子どもですから、手伝いをするよりは遊びに行きたいと思っていました。大学生のころまでは、仕事で料理をするとは思っていませんでした。

大学を卒業してすぐに料理人と結婚して、彼が札幌で始めた定食屋を手伝っていました。でも、何年か経ったころ彼にほかにやりたいことができて、店を出てしまって。私は手伝いをしていただけで料理人は彼だったし、お店をどうしようかと思ったんですが、ふと中華鍋に蝦片(エビ)を入れて振ってみたら、鍋のふちを蝦片が「くるん」と回って、鍋底に着地したんです。

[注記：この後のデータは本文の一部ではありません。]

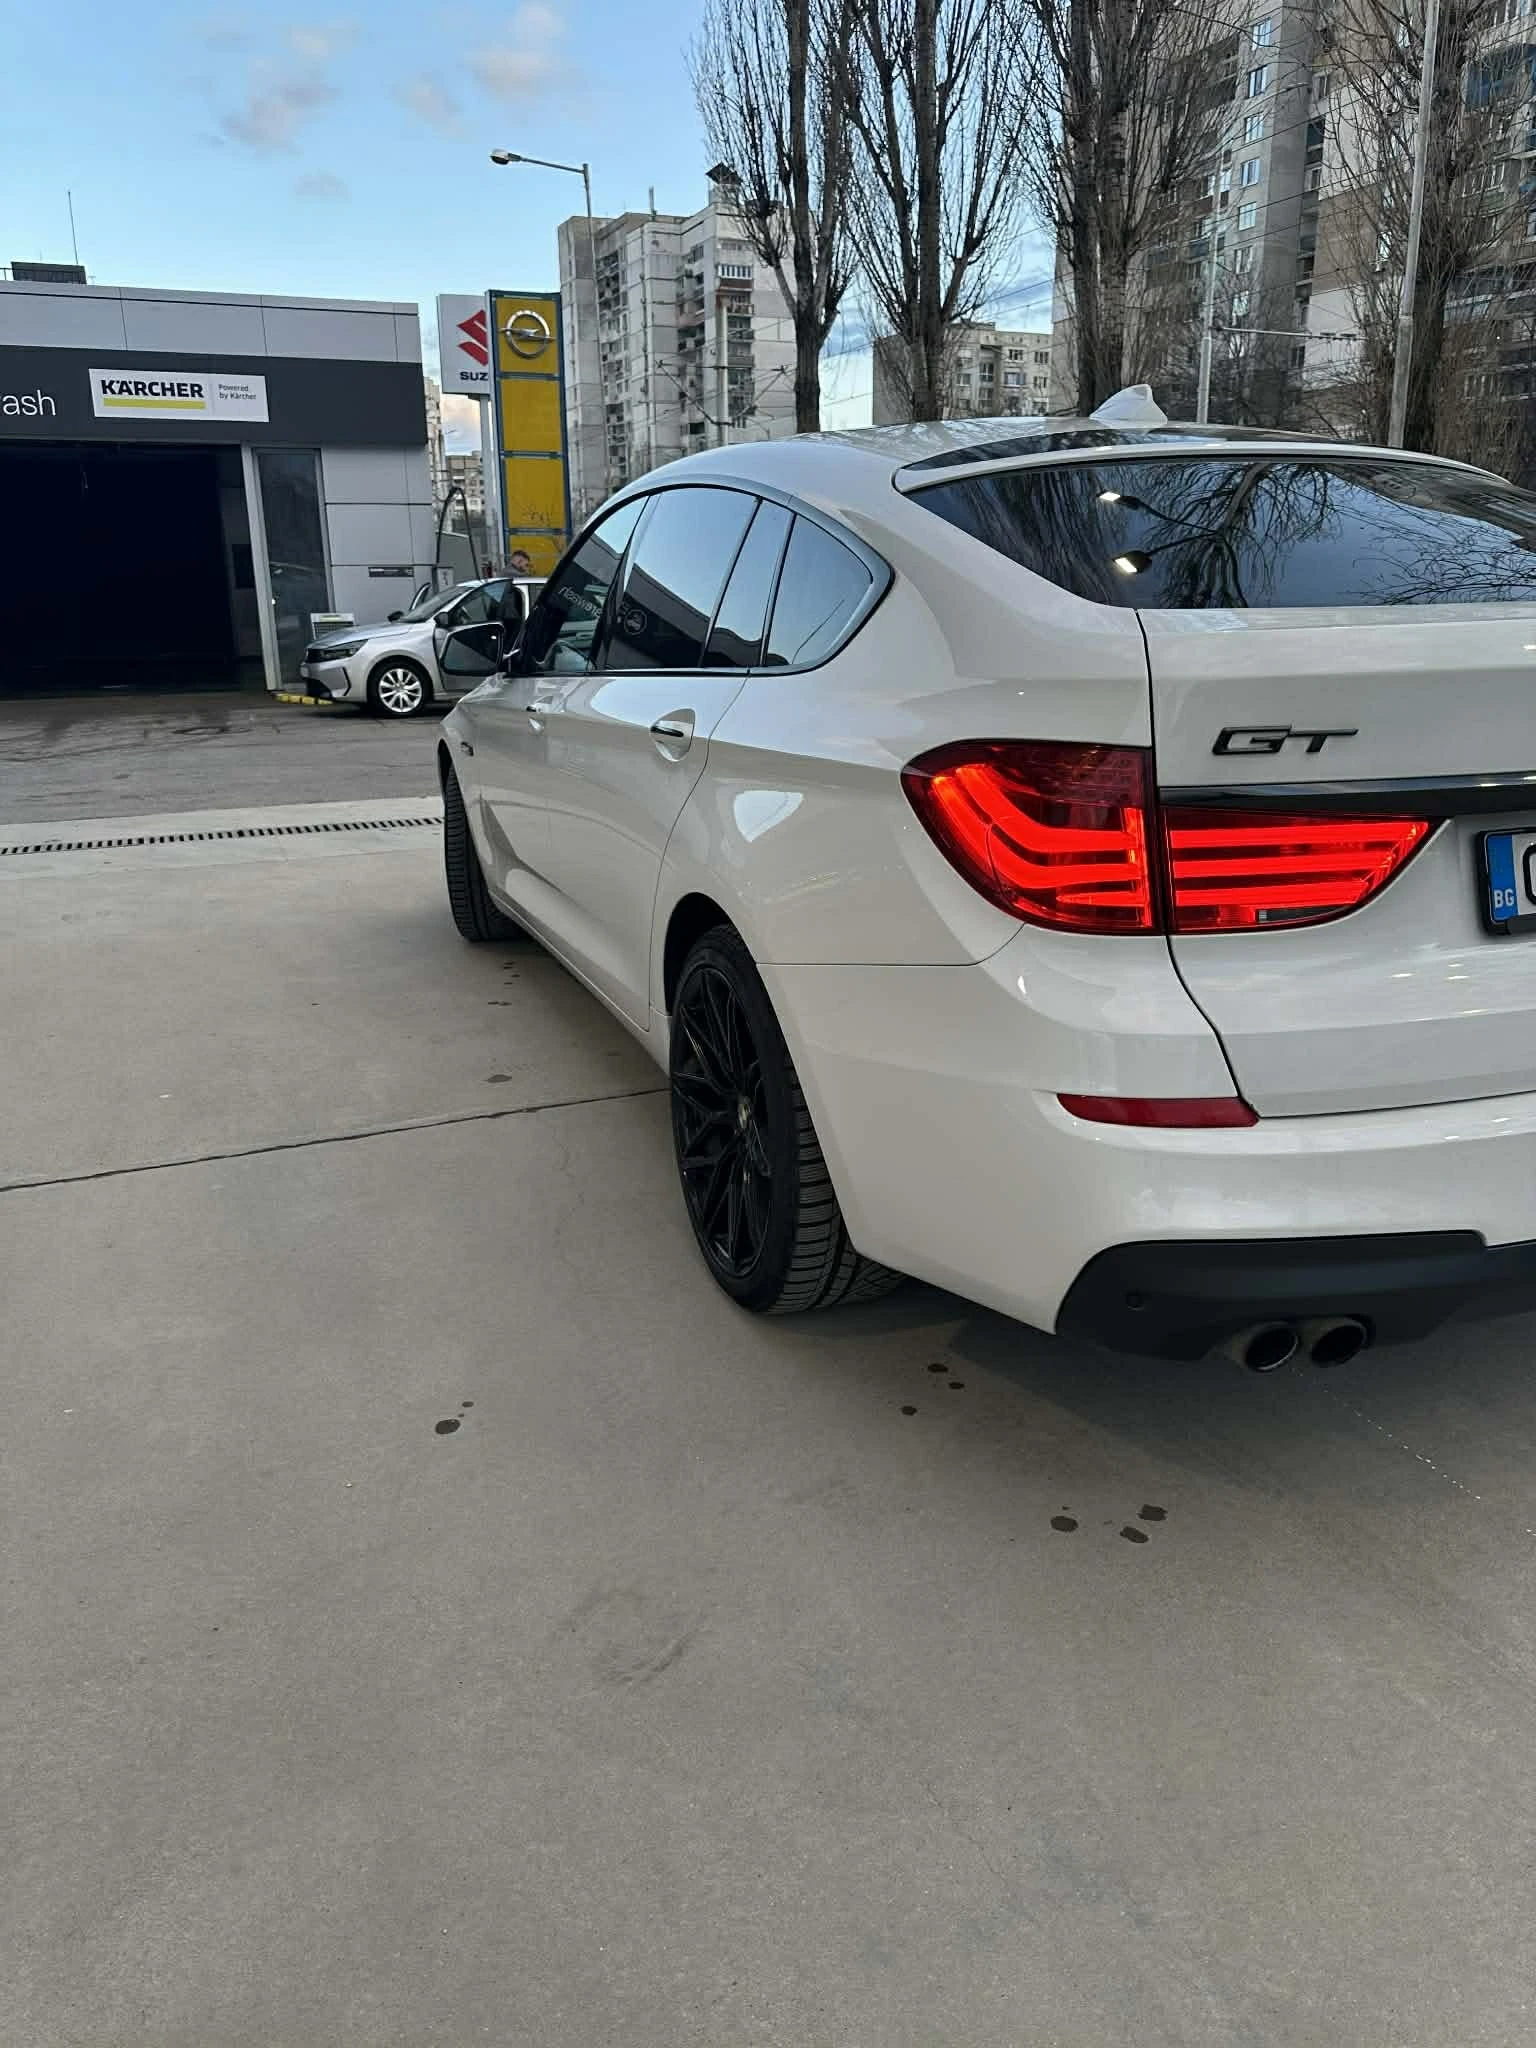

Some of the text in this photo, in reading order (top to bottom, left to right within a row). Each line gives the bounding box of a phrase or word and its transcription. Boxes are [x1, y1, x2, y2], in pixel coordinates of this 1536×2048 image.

その時、心配して駆けつけてくれた友達と「すごい!料理をやっていけるかもしれない!」と盛り上がりまして(笑)、女友達を集めてお店を続けることにしたんです。

—中華鍋で蝦片が回ったことで料理をする決意がつくなんて、ポジティブですね!

そうですね、若かったからかもしれません(笑)。今では、女性だけでカフェをやるのも当たり前になっていますが、当時は、20代の女の子たちがやっている定食屋は珍しくて、近所のおじさんたちにすごくうけて、たくさんの人が常連になってくれました。

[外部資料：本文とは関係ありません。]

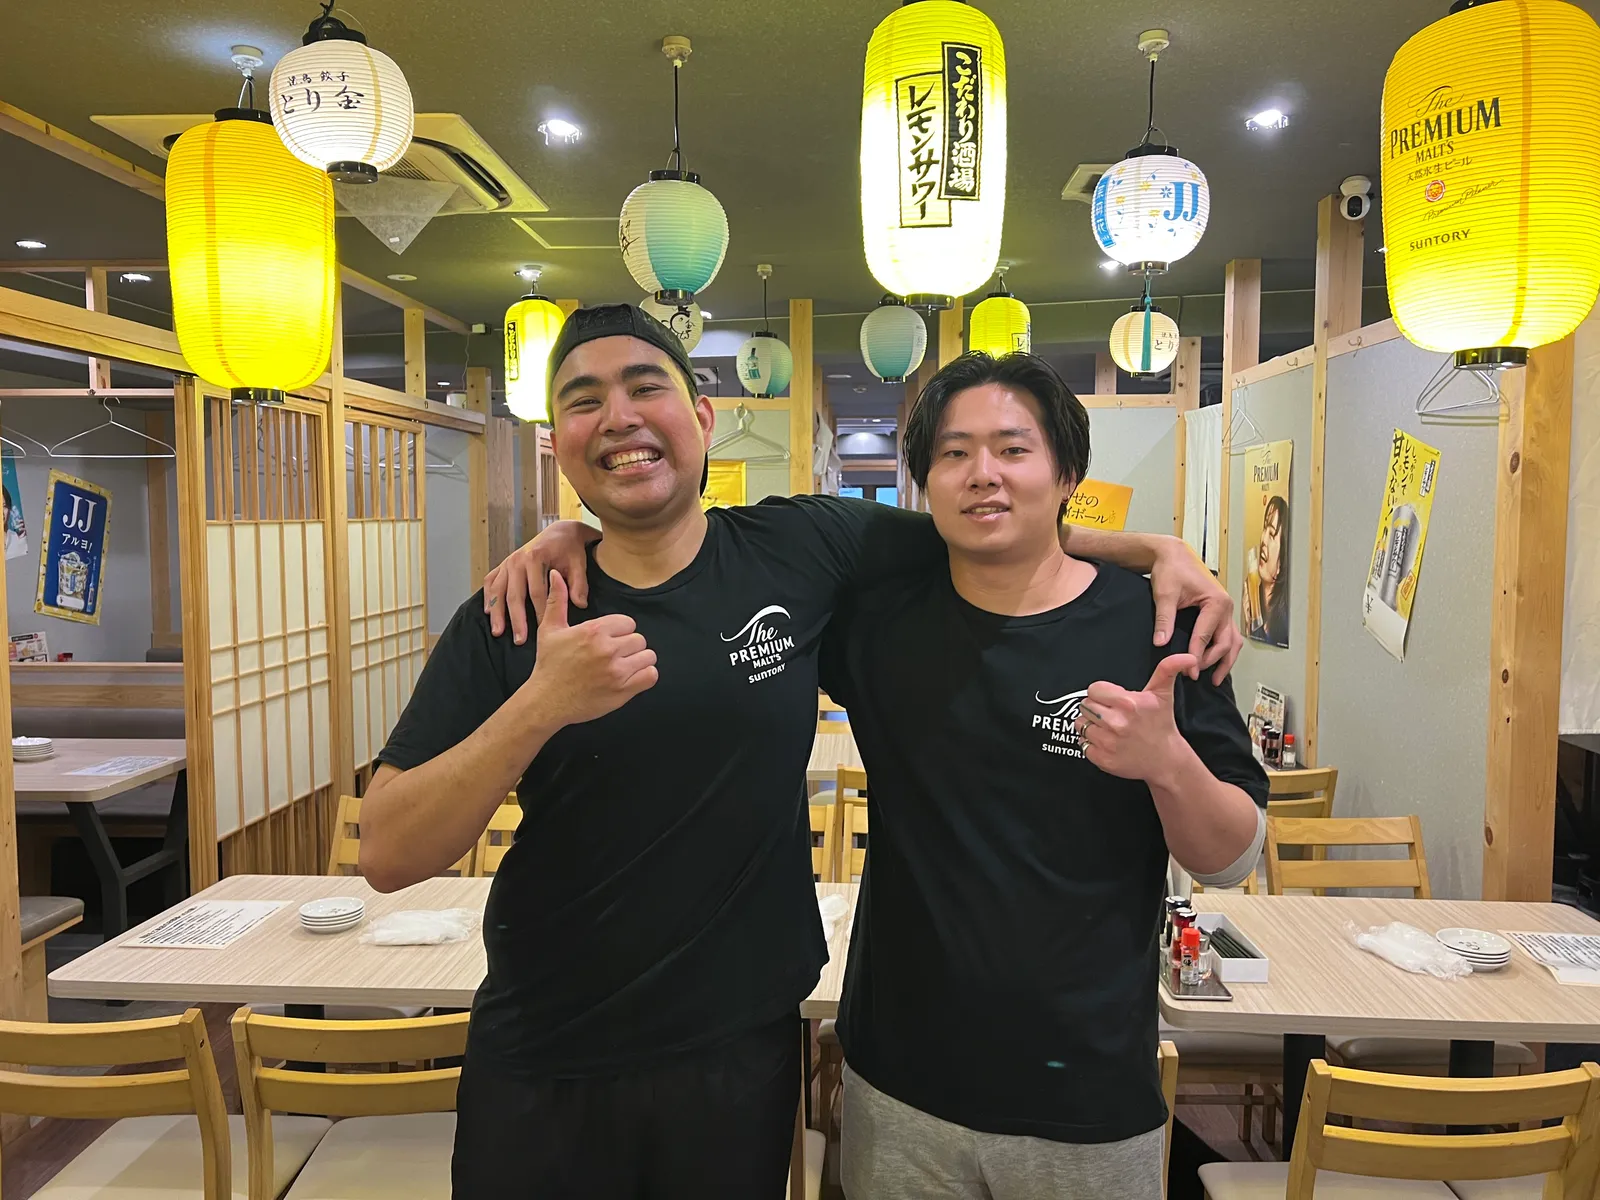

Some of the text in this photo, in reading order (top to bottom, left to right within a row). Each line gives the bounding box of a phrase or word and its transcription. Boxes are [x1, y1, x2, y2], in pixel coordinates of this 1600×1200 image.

[1407, 85, 1464, 118] The
[948, 51, 977, 193] こだわり酒場
[1391, 97, 1501, 160] PREMIUM
[906, 82, 940, 220] レモンサワー
[1416, 140, 1454, 164] MALT'S
[1163, 181, 1201, 222] JJ
[1409, 228, 1471, 251] SUNTORY
[1253, 462, 1279, 483] PREMIUM
[62, 493, 97, 533] JJ
[720, 604, 791, 648] The
[729, 636, 795, 666] PREMIUM
[752, 653, 782, 669] MALT'S
[748, 662, 786, 684] SUNTORY
[1035, 689, 1088, 720] Th
[1032, 714, 1080, 735] PREM
[1051, 731, 1080, 745] MALT'

でも、いつの間にかとても忙しくなって、へとへとに疲れてしまいました。30歳を目前にして、これからの自分を見直していたときに、お店を始めるために物件を探している友人夫婦がいて、良いタイミングだと思って、彼らにお店を譲りました。

—大学を卒業してから料理の道を走ってきて、30歳を前に一旦停止したのですね。

ずっと旅行に行きたいと思っていたので、数ヶ月は海外旅行に行きました。旅行から帰ったあとは、飲食系の仕事をしている友達から声を掛けてもらって、何軒か知り合いのお店を手伝っていました。その後、妹が夫婦でやっていた「ごはんや はるや」という定食屋で手伝ってほしいと言われ、それから12年間働きました。

—長く働いたお店を離れて東京に行くことになったきっかけは、何だったのですか?

12年やって40歳を超えたときに、その先の予想ができたんです。とても良い店だったけれど、その先も同じ場所で料理を続けることに気持ちが高揚しなくなっていました。そんなとき、東京の友達から、お店をつくるから手伝ってほしいと連絡があったんです。ちょうど良い機会だと思って、上京しました。


山本さんが好きだという写真家・森本美絵さんの写真を背景に、代々木上原の『チオベン』アトリエにてインタビュー。